The data should be restated word for word, in full.

• **Task material**:

--------------------------------

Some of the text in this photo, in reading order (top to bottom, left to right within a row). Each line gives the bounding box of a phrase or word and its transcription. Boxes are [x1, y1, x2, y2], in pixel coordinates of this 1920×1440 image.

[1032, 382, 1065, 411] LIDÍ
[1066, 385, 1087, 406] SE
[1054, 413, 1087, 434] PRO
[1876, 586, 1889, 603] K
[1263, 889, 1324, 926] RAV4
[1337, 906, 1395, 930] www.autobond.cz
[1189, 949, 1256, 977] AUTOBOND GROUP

--------------------------------

• **Solution below**:
Some of the text in this photo, in reading order (top to bottom, left to right within a row). Each line gives the bounding box of a phrase or word and its transcription. Boxes are [x1, y1, x2, y2], in pixel coordinates of this 1920×1440 image.

[1032, 382, 1065, 411] LIDÍ
[1066, 385, 1087, 406] SE
[1054, 413, 1087, 434] PRO
[1876, 586, 1889, 603] K
[1263, 889, 1324, 926] RAV4
[1337, 906, 1395, 930] www.autobond.cz
[1189, 949, 1256, 977] AUTOBOND GROUP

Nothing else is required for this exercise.